Problem description | Only the count is wanted here: how many lines of the entries hold the string "Robert"?
--------
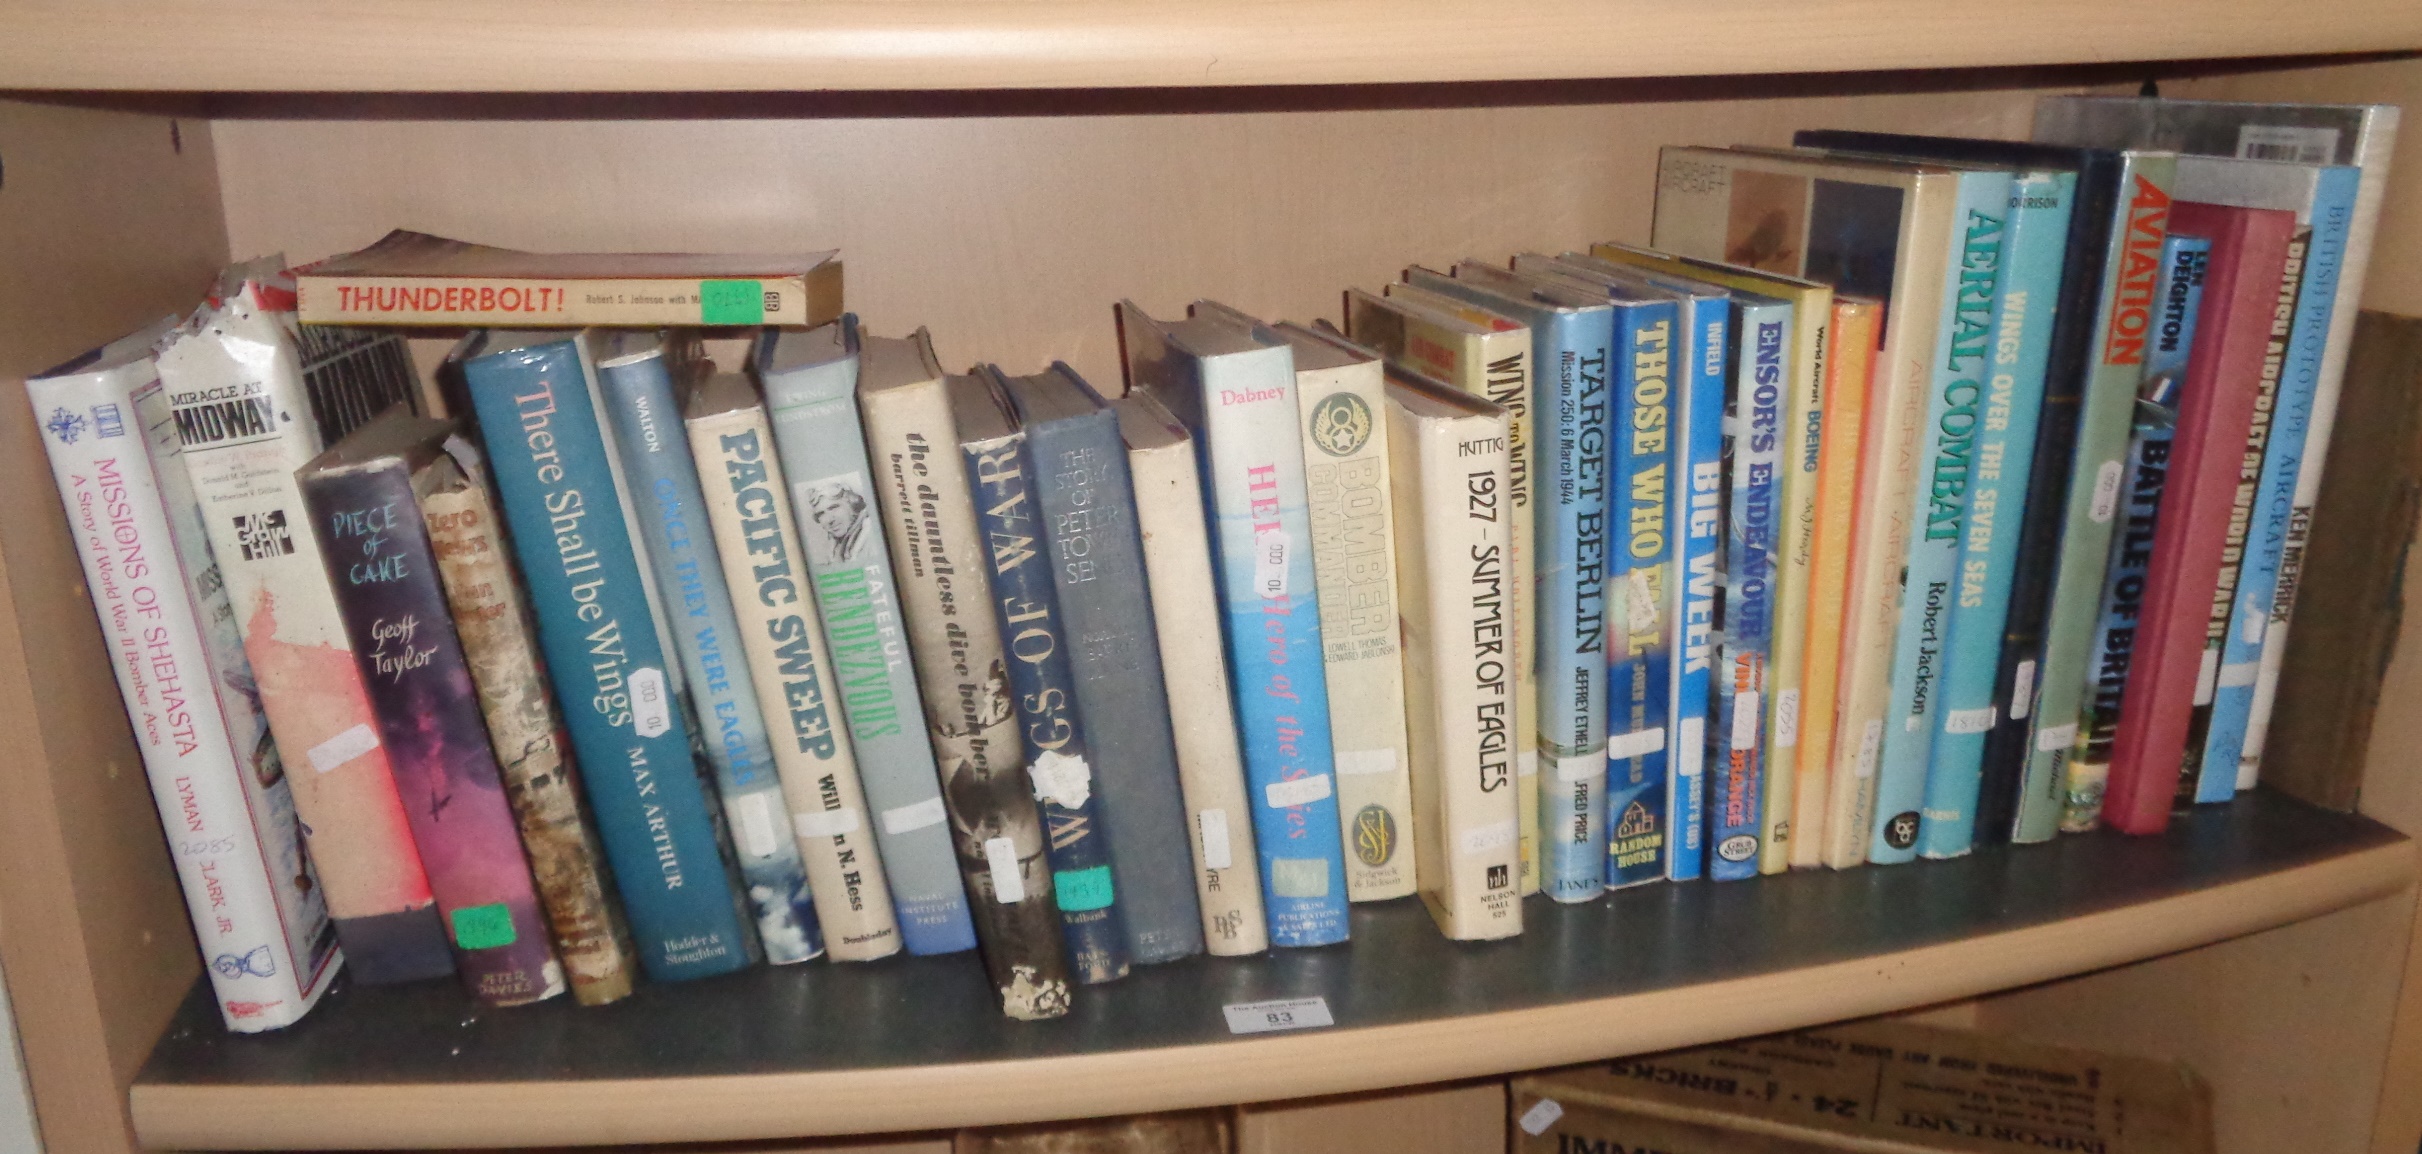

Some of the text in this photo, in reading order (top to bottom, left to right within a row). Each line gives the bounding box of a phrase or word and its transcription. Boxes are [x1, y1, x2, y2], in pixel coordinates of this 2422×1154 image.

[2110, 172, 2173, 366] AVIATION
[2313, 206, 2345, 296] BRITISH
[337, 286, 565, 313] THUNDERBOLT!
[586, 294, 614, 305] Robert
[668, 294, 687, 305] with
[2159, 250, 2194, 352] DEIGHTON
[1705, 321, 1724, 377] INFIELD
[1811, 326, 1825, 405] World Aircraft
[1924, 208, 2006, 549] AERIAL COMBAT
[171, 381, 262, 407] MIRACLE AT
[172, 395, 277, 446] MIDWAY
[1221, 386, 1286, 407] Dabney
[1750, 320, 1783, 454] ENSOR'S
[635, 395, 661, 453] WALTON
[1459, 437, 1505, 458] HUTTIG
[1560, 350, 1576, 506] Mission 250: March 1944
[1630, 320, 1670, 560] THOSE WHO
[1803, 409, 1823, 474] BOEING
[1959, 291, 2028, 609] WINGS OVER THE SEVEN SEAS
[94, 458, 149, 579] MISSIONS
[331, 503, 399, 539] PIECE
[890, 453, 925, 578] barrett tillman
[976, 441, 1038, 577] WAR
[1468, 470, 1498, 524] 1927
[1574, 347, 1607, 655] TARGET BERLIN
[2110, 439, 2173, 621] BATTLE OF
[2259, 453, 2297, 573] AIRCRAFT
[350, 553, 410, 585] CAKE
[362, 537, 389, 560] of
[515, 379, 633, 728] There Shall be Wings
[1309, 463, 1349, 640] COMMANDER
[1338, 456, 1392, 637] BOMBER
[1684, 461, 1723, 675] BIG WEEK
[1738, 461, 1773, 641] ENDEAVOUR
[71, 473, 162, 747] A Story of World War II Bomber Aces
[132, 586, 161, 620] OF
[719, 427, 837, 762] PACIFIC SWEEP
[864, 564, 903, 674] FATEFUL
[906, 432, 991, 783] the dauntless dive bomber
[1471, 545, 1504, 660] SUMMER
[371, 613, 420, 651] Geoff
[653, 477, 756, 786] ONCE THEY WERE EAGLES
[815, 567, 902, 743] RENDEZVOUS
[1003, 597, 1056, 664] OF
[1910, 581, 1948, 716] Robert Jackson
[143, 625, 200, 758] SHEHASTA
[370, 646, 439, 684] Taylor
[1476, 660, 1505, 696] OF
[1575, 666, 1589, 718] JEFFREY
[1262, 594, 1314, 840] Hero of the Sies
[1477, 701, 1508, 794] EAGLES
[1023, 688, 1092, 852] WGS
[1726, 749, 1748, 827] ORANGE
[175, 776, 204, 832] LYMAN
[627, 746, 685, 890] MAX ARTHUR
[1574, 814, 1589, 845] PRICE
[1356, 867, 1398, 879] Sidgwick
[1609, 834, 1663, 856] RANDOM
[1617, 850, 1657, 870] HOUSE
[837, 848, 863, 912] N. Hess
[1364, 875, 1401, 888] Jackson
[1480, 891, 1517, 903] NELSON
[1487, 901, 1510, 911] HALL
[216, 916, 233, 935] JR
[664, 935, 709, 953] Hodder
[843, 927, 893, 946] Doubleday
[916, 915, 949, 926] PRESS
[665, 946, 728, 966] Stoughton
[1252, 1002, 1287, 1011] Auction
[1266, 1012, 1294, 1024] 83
--------
Answer to this exercise | 2